[<prev] [next>] [<thread-prev] [thread-next>] [day] [month] [year] [list]
Message-ID:
<MRWPR09MB8022AE6B2BED3373D55E31DB8F56A@MRWPR09MB8022.eurprd09.prod.outlook.com>
Date: Wed, 16 Jul 2025 11:05:47 +0000
From: Pnina Feder <PNINA.FEDER@...ileye.com>
To: Alexandre Ghiti <alex@...ti.fr>, Björn Töpel
<bjorn@...nel.org>
CC: Gregory Greenman <Gregory.Greenman@...ileye.com>, "bjorn@...osinc.com"
<bjorn@...osinc.com>, "linux-kernel@...r.kernel.org"

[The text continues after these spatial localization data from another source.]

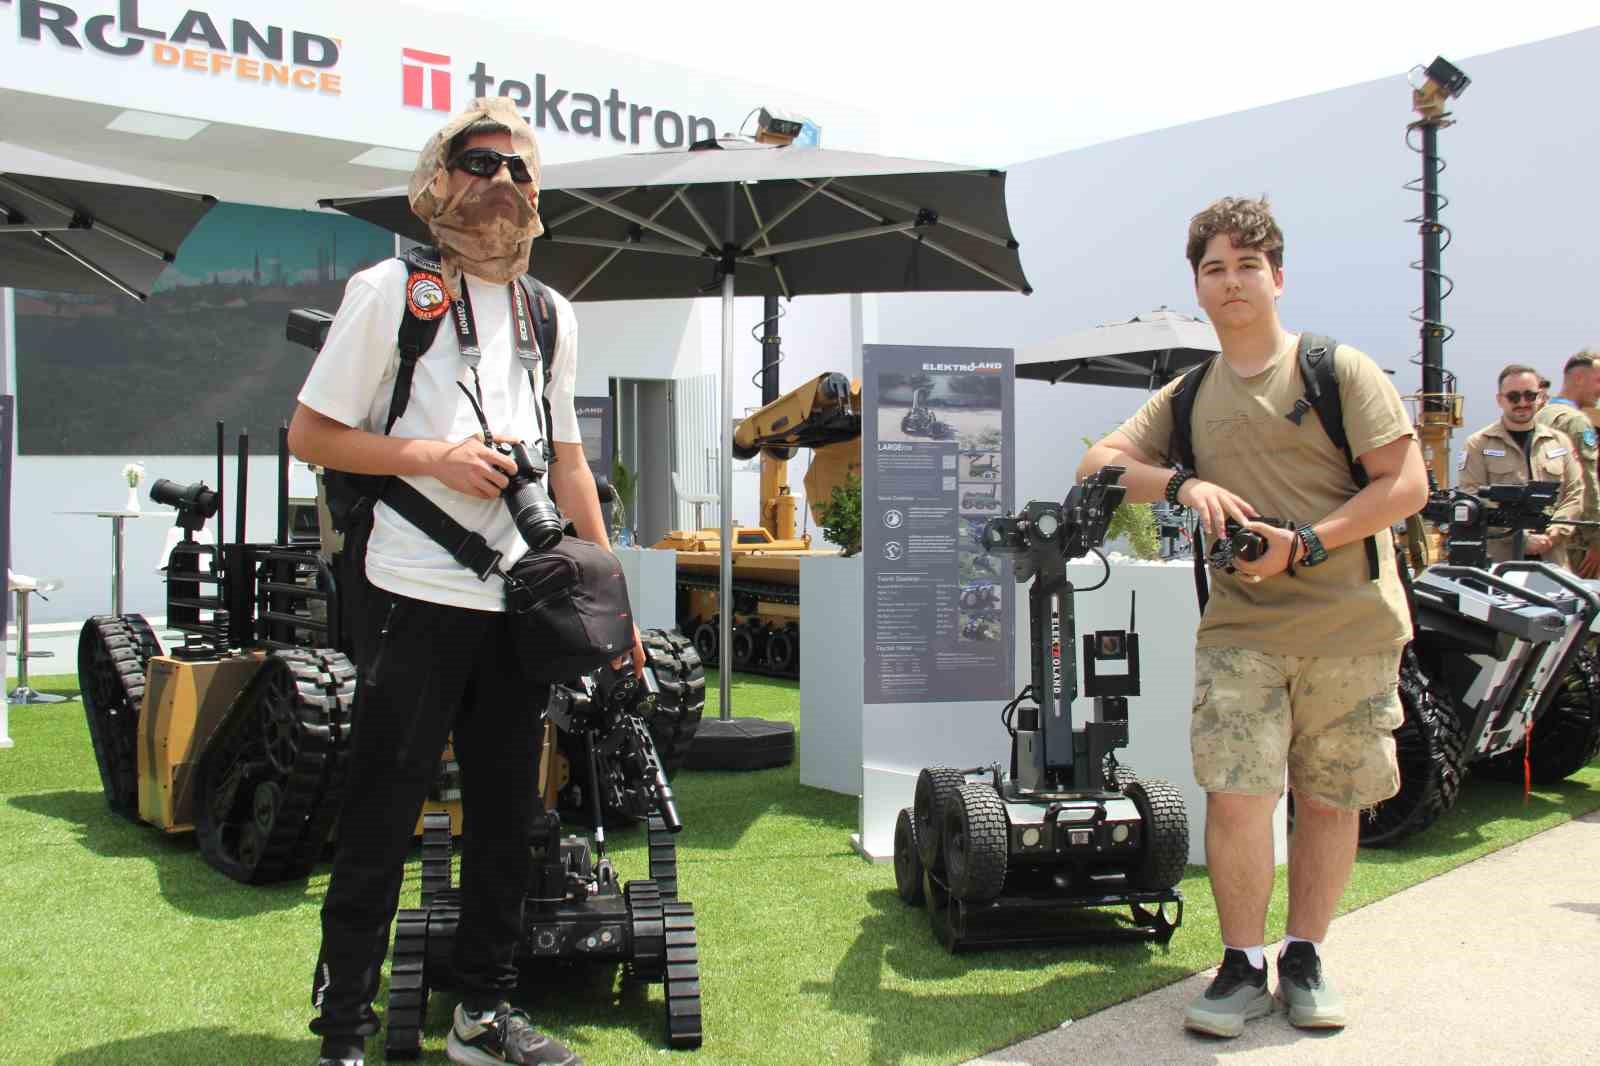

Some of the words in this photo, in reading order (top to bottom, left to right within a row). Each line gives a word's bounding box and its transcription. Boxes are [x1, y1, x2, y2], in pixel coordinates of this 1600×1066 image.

[0, 0, 339, 68] ROLAND
[153, 43, 341, 95] DEFENCE
[469, 61, 717, 148] tekatron
[456, 299, 470, 335] Canon
[922, 362, 1002, 372] ELEKTROLAND

<linux-kernel@...r.kernel.org>, "linux-riscv@...ts.infradead.org"
<linux-riscv@...ts.infradead.org>, "mick@....forth.gr" <mick@....forth.gr>,
"palmer@...belt.com" <palmer@...belt.com>, "paul.walmsley@...ive.com"
<paul.walmsley@...ive.com>, Vladimir Kondratiev
<Vladimir.Kondratiev@...ileye.com>
Subject: RE: [PATCH 0/1] Fix for riscv vmcore issue
Hi Alex,
Thank you for your response!
>Hi Pnina,
>
>On 7/14/25 14:00, Pnina Feder wrote:
>>>>> Hi Pnina,
>>>>>> Pnina!
>>>>>>
>>>>>> Pnina Feder <pnina.feder@...ileye.com> writes:
>>>>>>
>>>>>>> We are creating a vmcore using kexec on a Linux 6.15 RISC-V
>>>>>>> system and analyzing it with the crash tool on the host. This
>>>>>>> workflow used to work on Linux 6.14 but is now broken in 6.15.
>>>>>> Thanks for reporting this!
>>>>>>
>>>>>>> The issue is caused by a change in the kernel:
>>>>>>> In Linux 6.15, certain memblock sections are now marked as
>>>>>>> Reserved in /proc/iomem. The kexec tool excludes all Reserved
>>>>>>> regions when generating the vmcore, so these sections are missing from the dump.
>>>>>>> How are you collecting the /proc/vmcore file? A full set of commands would be helpful.
>>>>> We’ve defined in our system that when a process crashes, we call panic().
>>>>> To handle crash recovery, we're using kexec with the following command:
>>>>> kexec -p /Image --initrd=/rootfs.cpio --append "console=${con} earlycon=${earlycon} no4lvl"
>>>>>
>>>>> To simulate crash, we trigger it using:
>>>>> sleep 100 & kill -6 $!
>>>>>
>>>>> This boots into the crash kernel (kdump), where we then copy the /proc/vmcore file back to the host for analysis.
>>>>>
>>>>>>> However, the kernel still uses addresses in these regions—for
>>>>>>> example, for IRQ pointers. Since the crash tool needs access to
>>>>>>> these memory areas to function correctly, their exclusion breaks the analysis.
>>>>>> Wdym with "IRQ pointers"? Also, what version (sha1) of crash are you using?
>>>>>>
>>>>>> We are currently using crash-utility version 9.0.0 (master).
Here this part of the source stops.